Cada 6 de enero, la mayoría de los hogares del país se reúnen para partir la Rosca de Reyes con su tradicional chocolate caliente y con el compromiso de cumplir las peticiones infantiles de la llegada de los Reyes Magos, Melchor, Gaspar y Baltazar, con sus consabidos juguetes, que en este año, debido a la inflación económica tendrá un costo al alza del 20 por ciento a diferencia del 2024.
De acuerdo con el estudio de mercado realizado por la Alianza Nacional de Pequeños Comerciantes (ANPEC), el gasto promedio para celebrar el Día de Reyes en un núcleo familiar de hasta quince personas, considerando una rosca tradicional y chocolate, ascenderá este año a 901 pesos, lo que representa un incremento aproximado del 21 por ciento respecto a los 745 pesos registrados el año pasado.

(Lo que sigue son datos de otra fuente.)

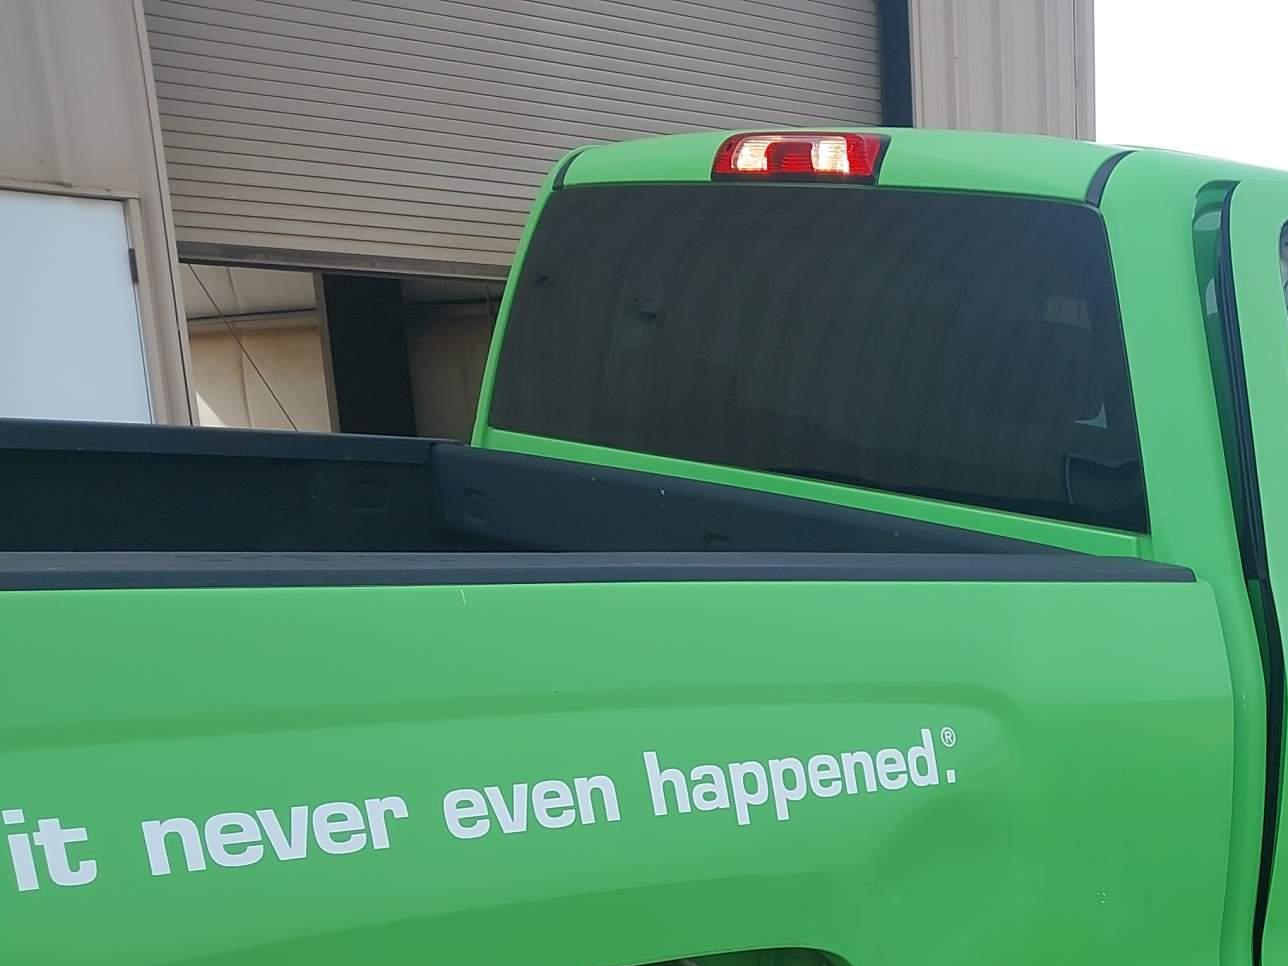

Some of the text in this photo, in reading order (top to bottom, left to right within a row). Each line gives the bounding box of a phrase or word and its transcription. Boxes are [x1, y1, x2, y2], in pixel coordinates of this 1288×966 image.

“La celebración de los Reyes Magos tiene una huella cultural particularmente profunda en el centro y sur del país, donde forma parte esencial de la vida familiar y comunitaria; sin embargo, su celebración se extiende a todo el territorio nacional. Entidades como la Ciudad de México, Estado de México, Puebla, Hidalgo, Oaxaca, Veracruz y Chiapas conservan con mayor arraigo la costumbre de partir la Rosca y cumplir la ilusión de los niños mientras que en el norte del país la celebración persiste, aunque en menor medida frente a la influencia de otras tradiciones”, comentó Cuauhtémoc Rivera, presidente de ANPEC.
El análisis revela un amplio abanico de precios de las roscas, según tamaño, variedad de ingredientes y el lugar donde se compren. En el caso de las roscas tradicionales de tamaño chico puede encontrarse desde 290 pesos en panaderías de barrio, 312 pesos en supermercados y hasta 420 pesos en panaderías de franquicia. Para las roscas grandes los precios oscilan entre 560, 600.00 y 650 pesos, respectivamente.

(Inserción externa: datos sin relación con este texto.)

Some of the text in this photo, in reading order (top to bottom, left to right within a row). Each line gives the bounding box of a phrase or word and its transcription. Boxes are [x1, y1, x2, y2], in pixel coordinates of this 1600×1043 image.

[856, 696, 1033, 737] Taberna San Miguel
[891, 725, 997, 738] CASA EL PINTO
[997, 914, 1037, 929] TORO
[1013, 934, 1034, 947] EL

Las roscas gourmet, con rellenos y presentaciones especiales, elevan aún más el gasto: en tamaño chico van desde 320 pesos en panaderías de barrio, 500 pesos en supermercados y hasta 650 pesos en panaderías de franquicia; en tamaño grande, los precios suben a 610, 800 y 950 pesos, respectivamente. A lo que se suma el costo del chocolate, que puede llegar a 341 pesos, considerando cinco litros de leche y el paquete de siete tablas de chocolate de mesa.
Finalmente, el rubro que más presiona el bolsillo familiar para esta celebración corresponde a los juguetes que traen como regalo los Reyes Magos. De acuerdo con el sondeo de ANPEC, considerando al menos dos hijos menores de edad por familia y un regalo para cada uno, representa un gasto promedio de 1,350 pesos, un incremento de 18 por ciento frente a los 1,145 pesos del año pasado.
Este año los juguetes más vendidos son muñecos de acción, como los de superhéroes o personajes populares como Minecraft o Brainrot (entre 250 y 1,500 pesos los de colección); juegos interactivos que fomentan el aprendizaje y permiten a los niños desarrollar habilidades mientras se divierten (entre 300 y 750 pesos); peluches como Labubus (300 hasta 1,300 pesos según el tamaño); muñecas barbie, princesas o LOL (desde 350 pesos modelos sencillos hasta 1,500 pesos los sets con accesorios) y las pistolas de hidrogel o dardos de espuma (entre 200 y 1,000 pesos según tamaño).
“Sin poder dejar de lado el tema de la fuerte presencia del mercado de juguetes de origen chino, que durante años ha ganado terreno gracias a sus precios bajos y se convirtió en una opción accesible para muchas familias, aunque con la reciente aplicación de aranceles, estos productos se han encarecido de golpe hasta en un 50 por ciento, escenario que genera un efecto inflacionario, pues el alza en el precio del juguete chino también empuja hacia arriba el precio del juguete nacional. El golpe llega en el peor momento, justo en la temporada de Reyes Magos, cuando las familias realizan la mayor compra de juguetes del año”, destacó Rivera.